======== EXCERPTED RECORDS

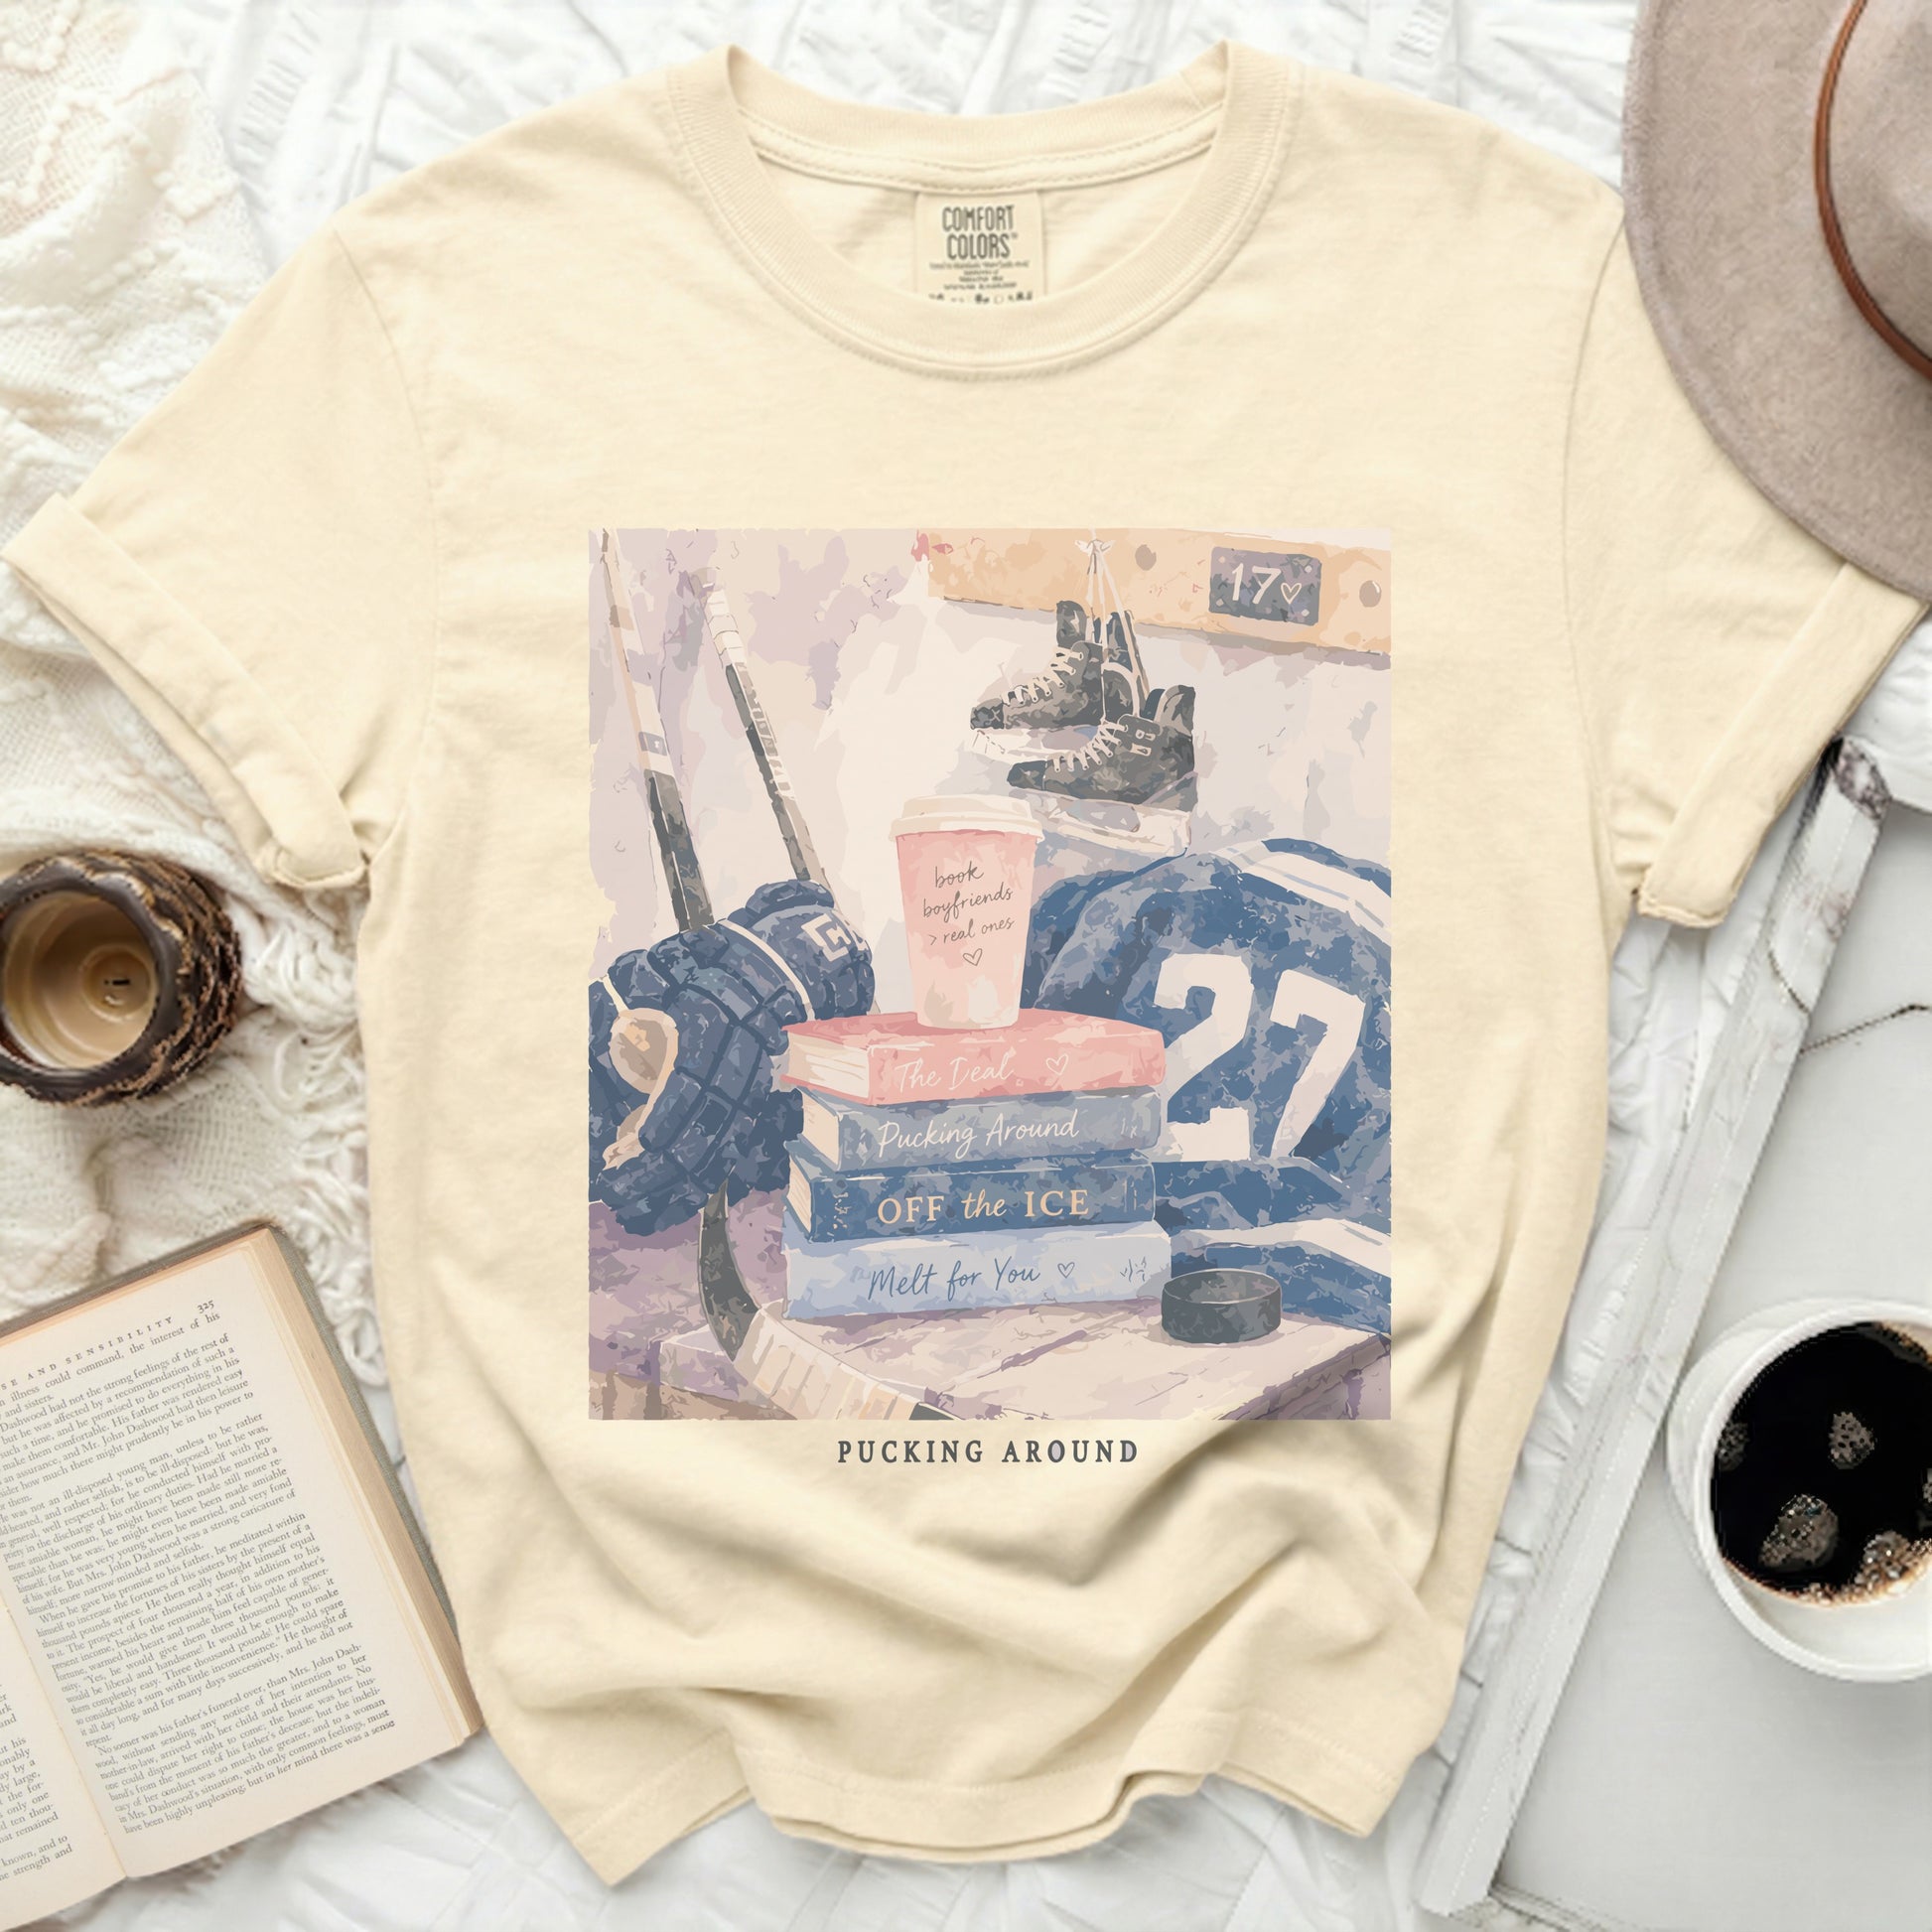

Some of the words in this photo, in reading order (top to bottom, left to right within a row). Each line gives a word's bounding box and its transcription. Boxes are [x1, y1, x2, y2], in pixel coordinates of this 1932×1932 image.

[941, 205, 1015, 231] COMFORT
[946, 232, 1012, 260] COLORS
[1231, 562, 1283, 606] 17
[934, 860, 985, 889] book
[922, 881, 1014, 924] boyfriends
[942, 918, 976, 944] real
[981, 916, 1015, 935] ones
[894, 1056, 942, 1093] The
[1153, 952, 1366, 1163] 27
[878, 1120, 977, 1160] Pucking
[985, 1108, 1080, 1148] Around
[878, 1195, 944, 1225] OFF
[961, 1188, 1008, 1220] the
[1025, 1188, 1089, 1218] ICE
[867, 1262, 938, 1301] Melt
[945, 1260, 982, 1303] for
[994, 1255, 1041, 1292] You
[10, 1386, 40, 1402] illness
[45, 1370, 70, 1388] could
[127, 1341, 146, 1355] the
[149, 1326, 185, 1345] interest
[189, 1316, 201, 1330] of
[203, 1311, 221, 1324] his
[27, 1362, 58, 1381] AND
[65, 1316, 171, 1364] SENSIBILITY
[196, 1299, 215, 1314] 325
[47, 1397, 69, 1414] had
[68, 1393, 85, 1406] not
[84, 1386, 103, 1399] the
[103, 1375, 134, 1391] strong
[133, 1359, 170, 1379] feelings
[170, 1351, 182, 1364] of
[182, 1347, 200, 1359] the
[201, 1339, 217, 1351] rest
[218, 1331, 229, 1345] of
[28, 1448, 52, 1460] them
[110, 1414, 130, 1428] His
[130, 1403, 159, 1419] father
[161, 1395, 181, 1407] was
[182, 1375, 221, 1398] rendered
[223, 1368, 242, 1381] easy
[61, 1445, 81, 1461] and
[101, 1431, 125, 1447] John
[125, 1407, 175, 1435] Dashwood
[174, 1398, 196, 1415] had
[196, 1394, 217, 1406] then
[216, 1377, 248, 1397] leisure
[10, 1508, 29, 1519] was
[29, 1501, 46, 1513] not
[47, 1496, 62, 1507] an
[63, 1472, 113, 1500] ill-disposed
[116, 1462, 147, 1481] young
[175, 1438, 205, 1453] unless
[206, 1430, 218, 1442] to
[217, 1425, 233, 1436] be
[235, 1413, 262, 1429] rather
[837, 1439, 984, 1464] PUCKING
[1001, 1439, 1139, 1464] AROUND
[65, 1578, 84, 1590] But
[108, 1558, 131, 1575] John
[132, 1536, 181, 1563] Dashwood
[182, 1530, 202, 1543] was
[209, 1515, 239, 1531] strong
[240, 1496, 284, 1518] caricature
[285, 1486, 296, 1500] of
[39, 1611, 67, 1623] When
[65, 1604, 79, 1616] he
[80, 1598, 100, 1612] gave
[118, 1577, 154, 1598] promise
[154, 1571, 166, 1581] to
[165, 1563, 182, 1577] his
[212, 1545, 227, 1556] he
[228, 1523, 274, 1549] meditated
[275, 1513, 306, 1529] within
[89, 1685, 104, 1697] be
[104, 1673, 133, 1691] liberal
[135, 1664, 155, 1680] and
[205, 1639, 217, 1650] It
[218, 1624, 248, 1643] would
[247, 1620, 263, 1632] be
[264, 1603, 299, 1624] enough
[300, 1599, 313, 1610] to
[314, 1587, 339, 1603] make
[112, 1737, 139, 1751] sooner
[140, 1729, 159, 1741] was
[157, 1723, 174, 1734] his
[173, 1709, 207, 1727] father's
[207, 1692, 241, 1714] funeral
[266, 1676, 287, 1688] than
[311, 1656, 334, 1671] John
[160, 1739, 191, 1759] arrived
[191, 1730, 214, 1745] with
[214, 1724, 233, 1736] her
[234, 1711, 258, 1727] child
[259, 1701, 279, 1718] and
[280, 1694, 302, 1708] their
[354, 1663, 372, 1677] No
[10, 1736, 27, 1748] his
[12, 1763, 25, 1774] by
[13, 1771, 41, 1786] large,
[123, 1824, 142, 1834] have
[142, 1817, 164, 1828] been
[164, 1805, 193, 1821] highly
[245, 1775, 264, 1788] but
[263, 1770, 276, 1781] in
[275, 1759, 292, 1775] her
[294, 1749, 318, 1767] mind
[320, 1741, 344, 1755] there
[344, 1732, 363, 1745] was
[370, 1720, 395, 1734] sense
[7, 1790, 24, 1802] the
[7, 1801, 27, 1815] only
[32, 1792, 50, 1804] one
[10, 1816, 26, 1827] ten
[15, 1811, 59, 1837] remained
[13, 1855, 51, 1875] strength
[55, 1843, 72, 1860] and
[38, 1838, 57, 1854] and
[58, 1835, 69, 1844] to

================

Omit the pictures and reproduce the records above exactly.

Some of the words in this photo, in reading order (top to bottom, left to right within a row). Each line gives a word's bounding box and its transcription. Boxes are [x1, y1, x2, y2], in pixel coordinates of this 1932×1932 image.

[941, 205, 1015, 231] COMFORT
[946, 232, 1012, 260] COLORS
[1231, 562, 1283, 606] 17
[934, 860, 985, 889] book
[922, 881, 1014, 924] boyfriends
[942, 918, 976, 944] real
[981, 916, 1015, 935] ones
[894, 1056, 942, 1093] The
[1153, 952, 1366, 1163] 27
[878, 1120, 977, 1160] Pucking
[985, 1108, 1080, 1148] Around
[878, 1195, 944, 1225] OFF
[961, 1188, 1008, 1220] the
[1025, 1188, 1089, 1218] ICE
[867, 1262, 938, 1301] Melt
[945, 1260, 982, 1303] for
[994, 1255, 1041, 1292] You
[10, 1386, 40, 1402] illness
[45, 1370, 70, 1388] could
[127, 1341, 146, 1355] the
[149, 1326, 185, 1345] interest
[189, 1316, 201, 1330] of
[203, 1311, 221, 1324] his
[27, 1362, 58, 1381] AND
[65, 1316, 171, 1364] SENSIBILITY
[196, 1299, 215, 1314] 325
[47, 1397, 69, 1414] had
[68, 1393, 85, 1406] not
[84, 1386, 103, 1399] the
[103, 1375, 134, 1391] strong
[133, 1359, 170, 1379] feelings
[170, 1351, 182, 1364] of
[182, 1347, 200, 1359] the
[201, 1339, 217, 1351] rest
[218, 1331, 229, 1345] of
[28, 1448, 52, 1460] them
[110, 1414, 130, 1428] His
[130, 1403, 159, 1419] father
[161, 1395, 181, 1407] was
[182, 1375, 221, 1398] rendered
[223, 1368, 242, 1381] easy
[61, 1445, 81, 1461] and
[101, 1431, 125, 1447] John
[125, 1407, 175, 1435] Dashwood
[174, 1398, 196, 1415] had
[196, 1394, 217, 1406] then
[216, 1377, 248, 1397] leisure
[10, 1508, 29, 1519] was
[29, 1501, 46, 1513] not
[47, 1496, 62, 1507] an
[63, 1472, 113, 1500] ill-disposed
[116, 1462, 147, 1481] young
[175, 1438, 205, 1453] unless
[206, 1430, 218, 1442] to
[217, 1425, 233, 1436] be
[235, 1413, 262, 1429] rather
[837, 1439, 984, 1464] PUCKING
[1001, 1439, 1139, 1464] AROUND
[65, 1578, 84, 1590] But
[108, 1558, 131, 1575] John
[132, 1536, 181, 1563] Dashwood
[182, 1530, 202, 1543] was
[209, 1515, 239, 1531] strong
[240, 1496, 284, 1518] caricature
[285, 1486, 296, 1500] of
[39, 1611, 67, 1623] When
[65, 1604, 79, 1616] he
[80, 1598, 100, 1612] gave
[118, 1577, 154, 1598] promise
[154, 1571, 166, 1581] to
[165, 1563, 182, 1577] his
[212, 1545, 227, 1556] he
[228, 1523, 274, 1549] meditated
[275, 1513, 306, 1529] within
[89, 1685, 104, 1697] be
[104, 1673, 133, 1691] liberal
[135, 1664, 155, 1680] and
[205, 1639, 217, 1650] It
[218, 1624, 248, 1643] would
[247, 1620, 263, 1632] be
[264, 1603, 299, 1624] enough
[300, 1599, 313, 1610] to
[314, 1587, 339, 1603] make
[112, 1737, 139, 1751] sooner
[140, 1729, 159, 1741] was
[157, 1723, 174, 1734] his
[173, 1709, 207, 1727] father's
[207, 1692, 241, 1714] funeral
[266, 1676, 287, 1688] than
[311, 1656, 334, 1671] John
[160, 1739, 191, 1759] arrived
[191, 1730, 214, 1745] with
[214, 1724, 233, 1736] her
[234, 1711, 258, 1727] child
[259, 1701, 279, 1718] and
[280, 1694, 302, 1708] their
[354, 1663, 372, 1677] No
[10, 1736, 27, 1748] his
[12, 1763, 25, 1774] by
[13, 1771, 41, 1786] large,
[123, 1824, 142, 1834] have
[142, 1817, 164, 1828] been
[164, 1805, 193, 1821] highly
[245, 1775, 264, 1788] but
[263, 1770, 276, 1781] in
[275, 1759, 292, 1775] her
[294, 1749, 318, 1767] mind
[320, 1741, 344, 1755] there
[344, 1732, 363, 1745] was
[370, 1720, 395, 1734] sense
[7, 1790, 24, 1802] the
[7, 1801, 27, 1815] only
[32, 1792, 50, 1804] one
[10, 1816, 26, 1827] ten
[15, 1811, 59, 1837] remained
[13, 1855, 51, 1875] strength
[55, 1843, 72, 1860] and
[38, 1838, 57, 1854] and
[58, 1835, 69, 1844] to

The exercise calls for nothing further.